**What the task asks**
Output exactly, and only, the lines below from the one with "Some of the text" down to the one with "this 1600×958 image.". Include both end lines and no pictures.

**Information shown**
┄┄┄┄┄┄┄┄┄┄┄┄┄┄┄┄┄┄┄┄

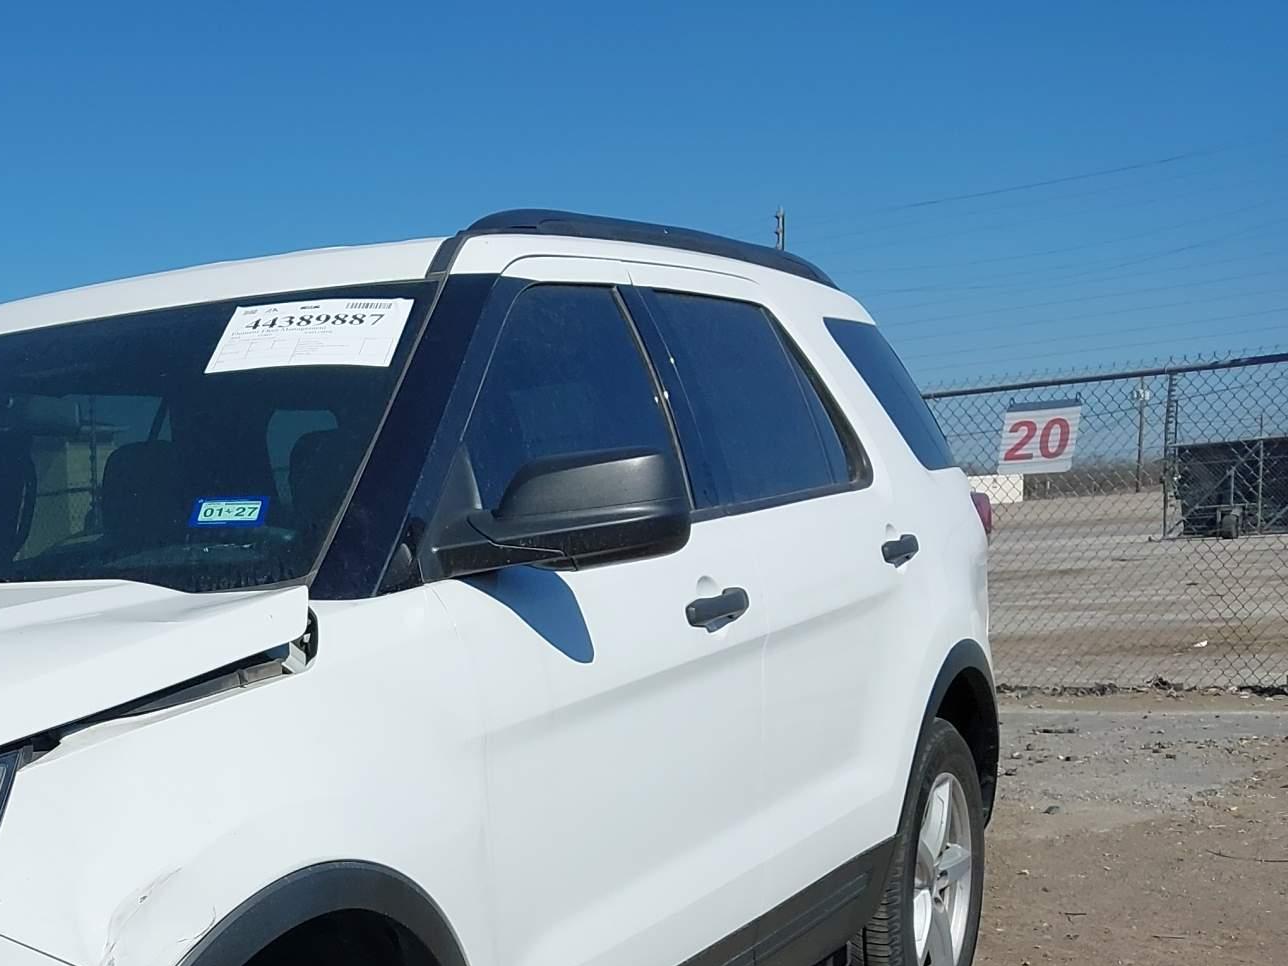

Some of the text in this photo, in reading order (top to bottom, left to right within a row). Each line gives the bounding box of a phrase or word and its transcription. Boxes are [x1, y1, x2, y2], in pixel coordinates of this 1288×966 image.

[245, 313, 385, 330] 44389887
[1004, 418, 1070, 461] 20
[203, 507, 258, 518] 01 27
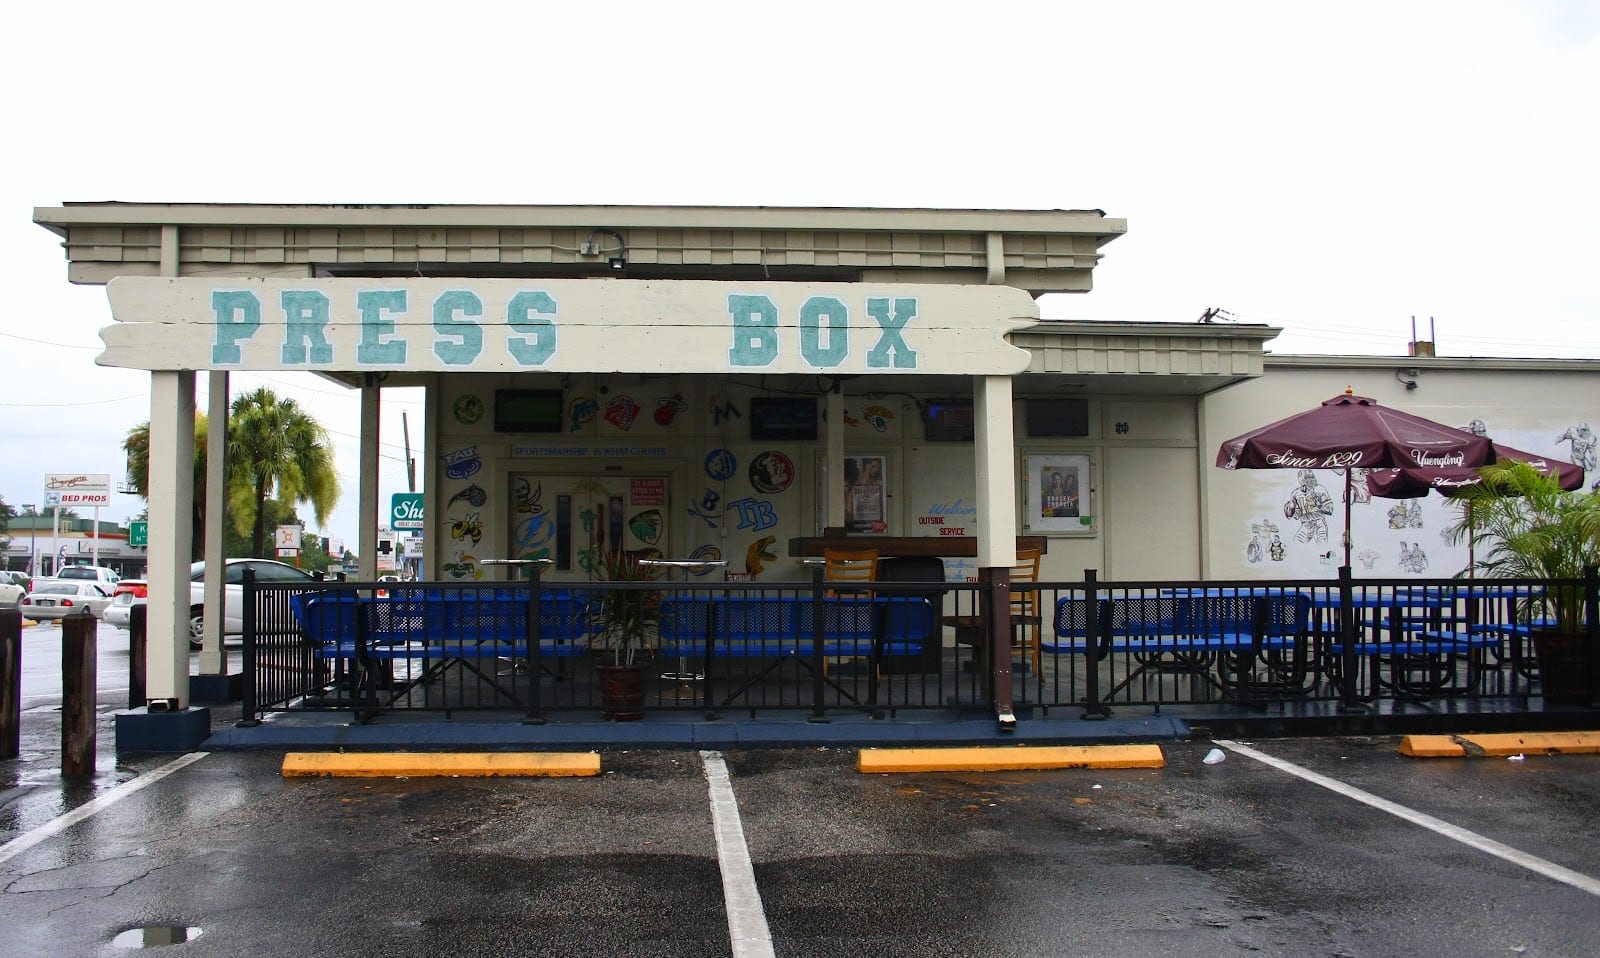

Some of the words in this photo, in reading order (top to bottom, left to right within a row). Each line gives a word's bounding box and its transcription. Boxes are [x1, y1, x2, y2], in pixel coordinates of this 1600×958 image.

┄┄┄┄┄┄┄┄┄┄┄┄┄┄┄┄┄┄┄┄

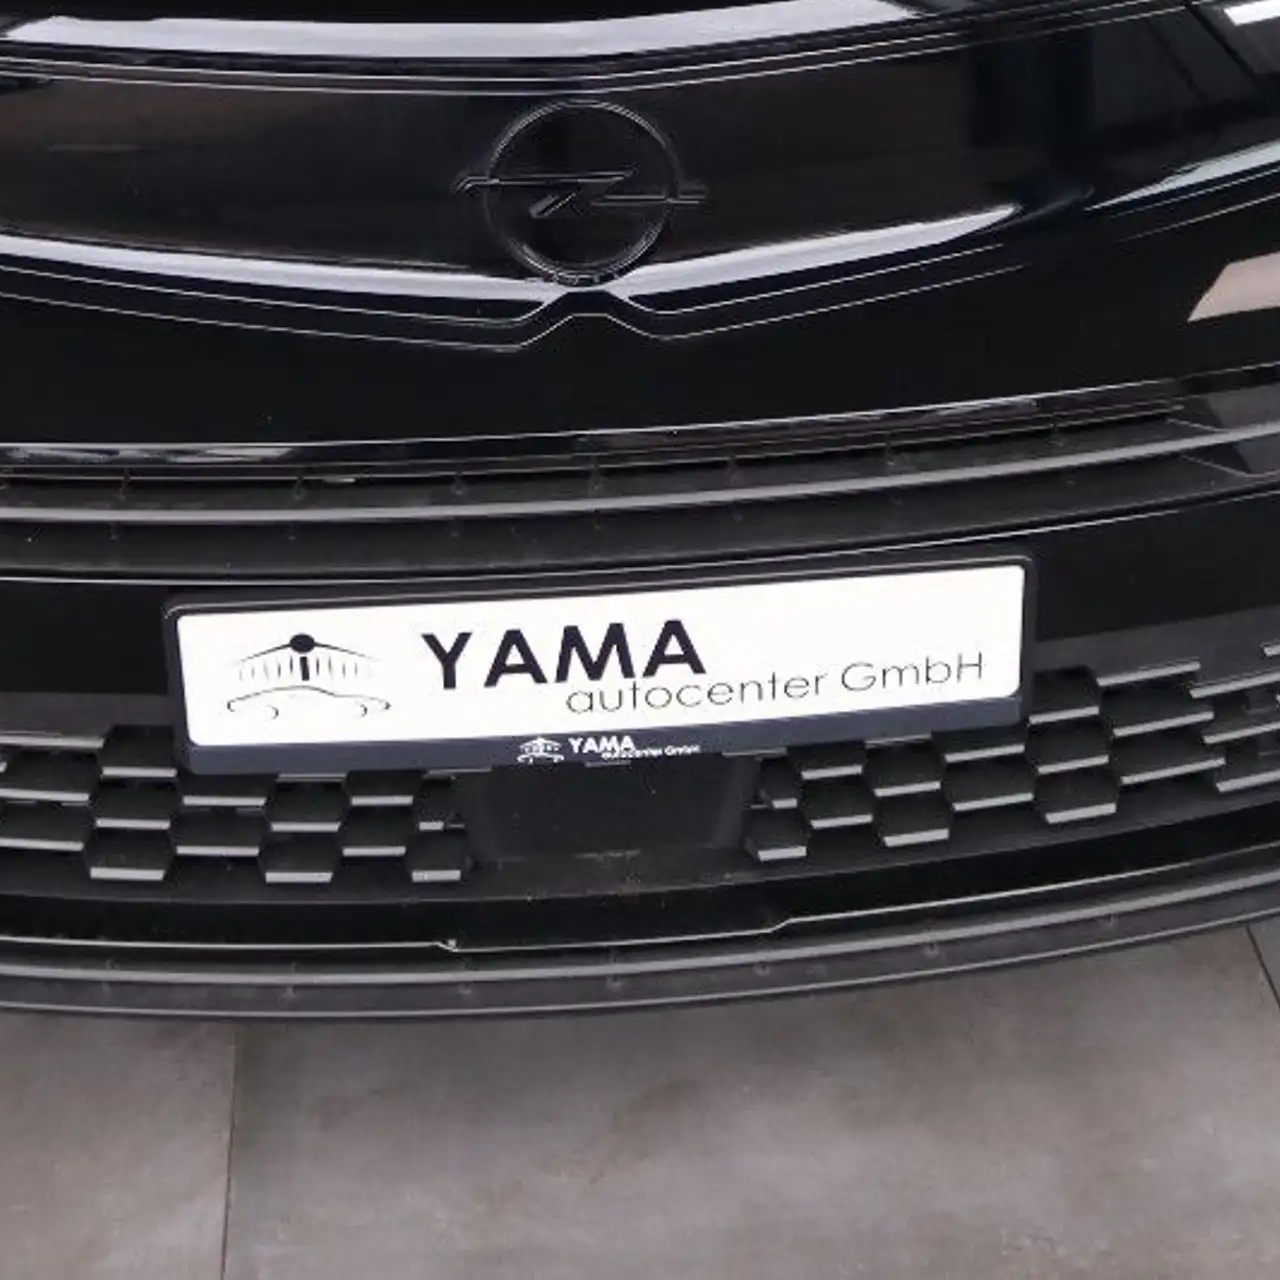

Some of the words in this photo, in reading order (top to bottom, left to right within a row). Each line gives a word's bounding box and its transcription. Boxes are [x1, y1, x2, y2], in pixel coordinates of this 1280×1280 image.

┄┄┄┄┄┄┄┄┄┄┄┄┄┄┄┄┄┄┄┄

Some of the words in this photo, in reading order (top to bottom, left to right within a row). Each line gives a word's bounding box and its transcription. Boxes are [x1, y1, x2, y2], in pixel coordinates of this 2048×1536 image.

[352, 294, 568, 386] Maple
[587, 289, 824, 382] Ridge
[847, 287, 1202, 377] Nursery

┄┄┄┄┄┄┄┄┄┄┄┄┄┄┄┄┄┄┄┄

**Exercise answer**
Some of the text in this photo, in reading order (top to bottom, left to right within a row). Each line gives the bounding box of a phrase or word and its transcription. Boxes are [x1, y1, x2, y2], in pixel coordinates of this 1288×966 image.

[245, 313, 385, 330] 44389887
[1004, 418, 1070, 461] 20
[203, 507, 258, 518] 01 27

Some of the words in this photo, in reading order (top to bottom, left to right within a row). Each line gives a word's bounding box and its transcription. Boxes are [x1, y1, x2, y2], in pixel coordinates of this 1600×958 image.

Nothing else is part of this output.